Text Scripter
This package introduces a configuration-driven way of controlling native VS Code behaviors such as Diagnostic highlighting and code hints.
Simply create a file named config.json
in a directory named .text-scripter
in the root of your workspace, and fill it out like so:
{
"localFolder": "local",
"diagnostics": [
{
"text": "@error",
"message": "@error tags are highlighted in red.",
"severity": "error"
},
{
"text": "@warn",
"message": "@warn tags are highlighted in yellow."
},
{
"text": "@info",
"message": "@info tags are highlighted in blue.",
"severity": "info"
},
{
"text": "@hint",
"message": "@hint tags have their first character underlined in gray.",
"severity": "hint",
"fileExtensions": "txt"
}
]
}
localFolder
allows you to load a second config from a second path nested inside of
the .text-scripter folder. This allows developers to have a second set of personal
diagnostic rules which don't need to be included in source control.

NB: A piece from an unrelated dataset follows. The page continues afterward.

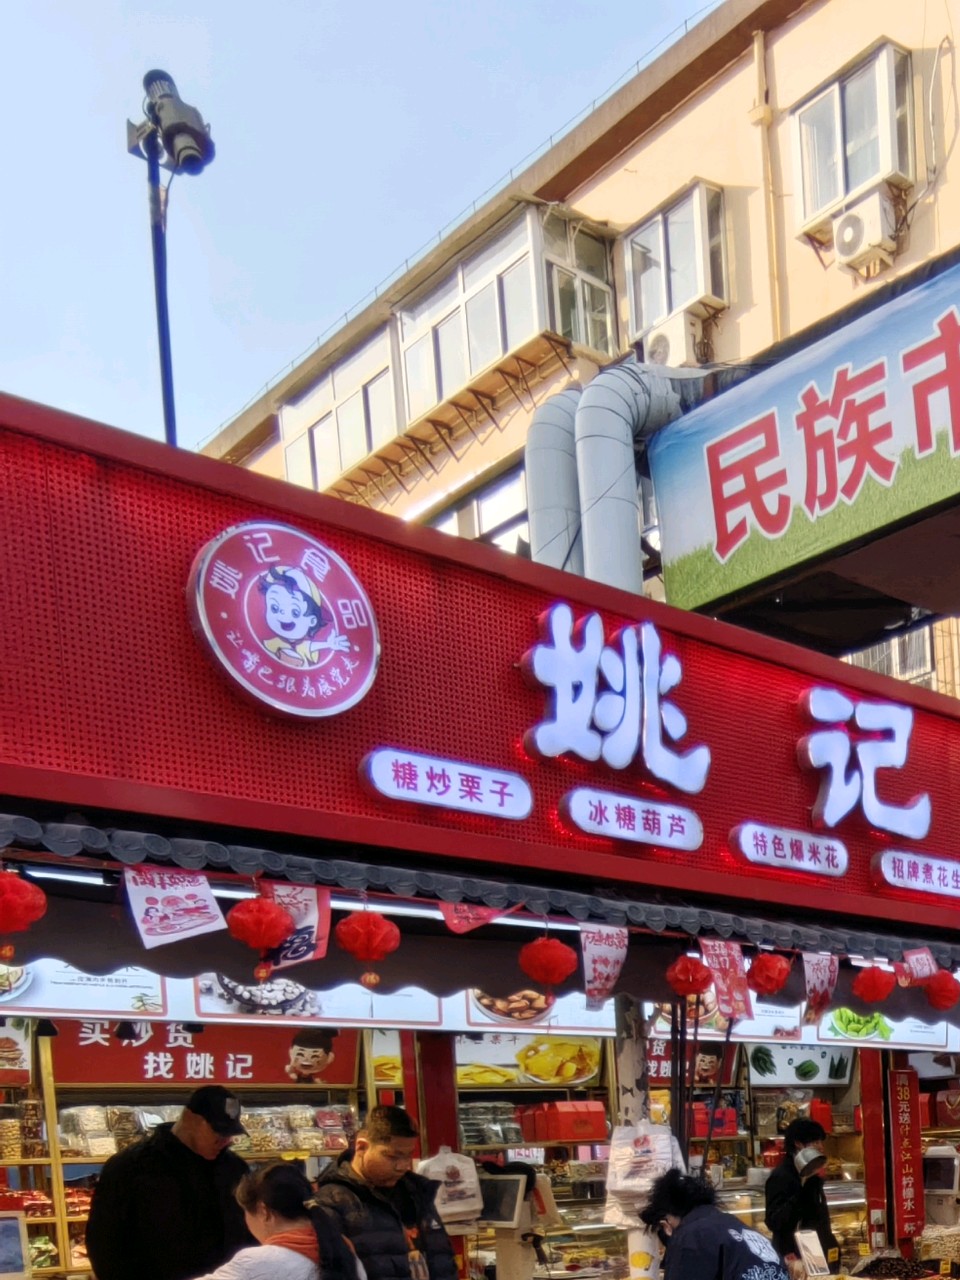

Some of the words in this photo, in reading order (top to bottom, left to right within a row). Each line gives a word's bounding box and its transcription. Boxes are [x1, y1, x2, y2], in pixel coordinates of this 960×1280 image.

Defaults to local
.
Diagnostics
The fields for a diagnostic rule are as follows:
text
: The text to be highlighted.
regex
: The JS-flavored regex pattern to be searched for, e.g. exa+mple
would match exaaaample
.
message
: The text displayed on hover and in the Problems pane for this diagnostic.
severity
: (optional) One of error
, warn
, info
, hint
. Controls how VS Code higlights the text. Defaults to warn
.
fileExtensions
: (optional) CSV of file extensions the rule will apply for. Provide this to improve performance.
You may replace these diagnostic rules with your own - they should load and begin running on files in your workspace immediately, as soon as you change or save the file.